*Exercise brief:* A verbatim copy of the records below, pictures omitted, is the task.

*Records supplied:*
──────────

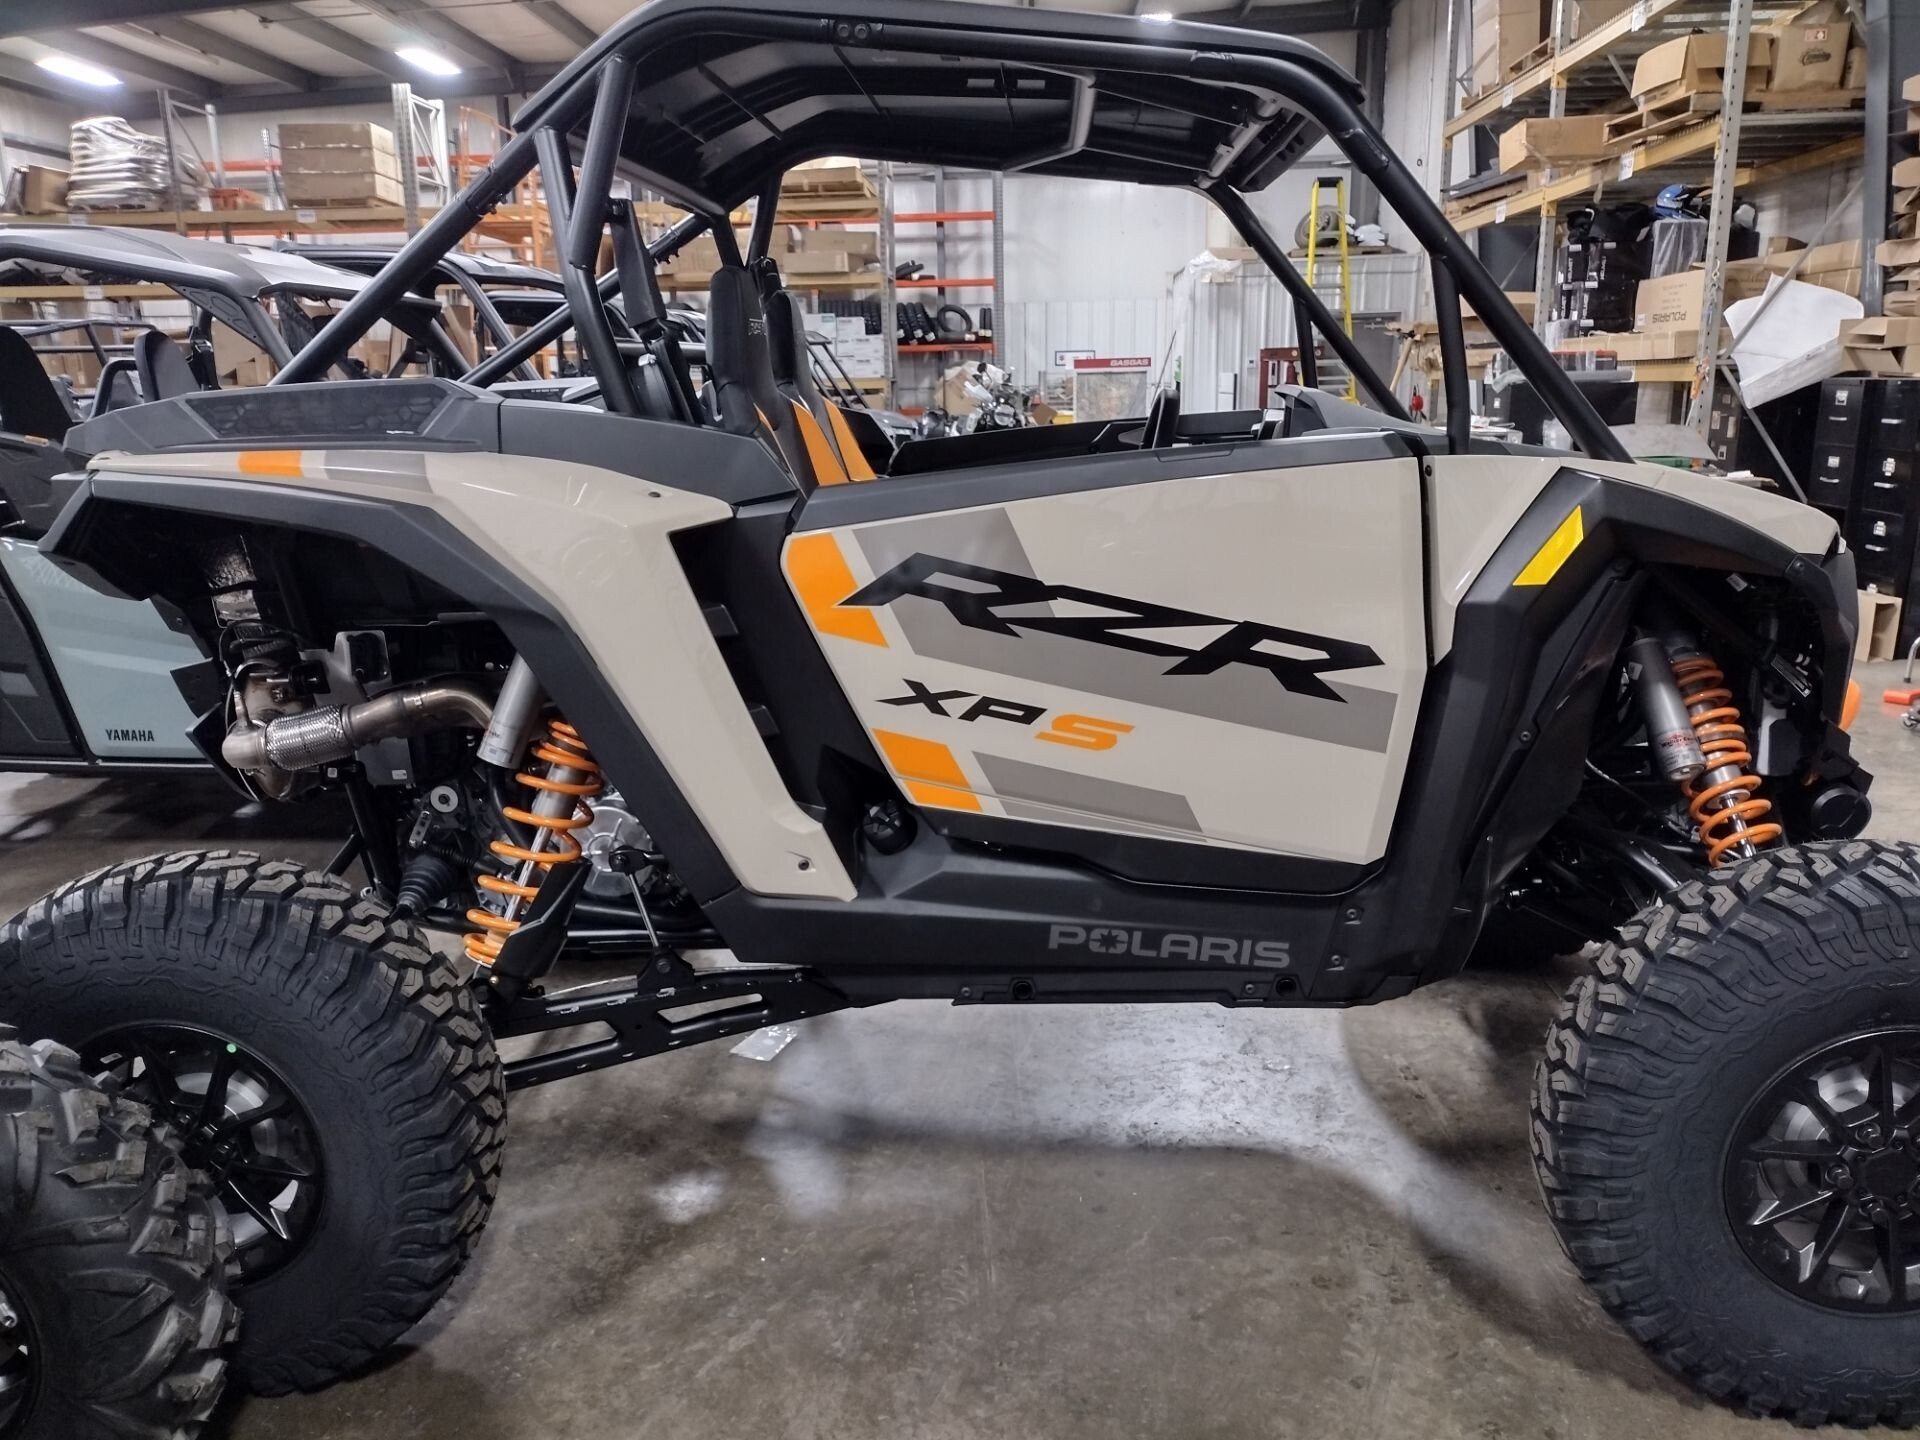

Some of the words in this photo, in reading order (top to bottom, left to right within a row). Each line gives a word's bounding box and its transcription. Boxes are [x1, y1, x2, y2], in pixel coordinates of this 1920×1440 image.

[1652, 311, 1687, 324] POLARIS
[1109, 358, 1150, 367] GASGAS
[837, 552, 1386, 704] RZR
[105, 729, 154, 742] YAMAHA
[1048, 924, 1291, 968] POLARIS

──────────

*Finished task:*
Some of the words in this photo, in reading order (top to bottom, left to right within a row). Each line gives a word's bounding box and its transcription. Boxes are [x1, y1, x2, y2], in pixel coordinates of this 1920×1440 image.

[1652, 311, 1687, 324] POLARIS
[1109, 358, 1150, 367] GASGAS
[837, 552, 1386, 704] RZR
[105, 729, 154, 742] YAMAHA
[1048, 924, 1291, 968] POLARIS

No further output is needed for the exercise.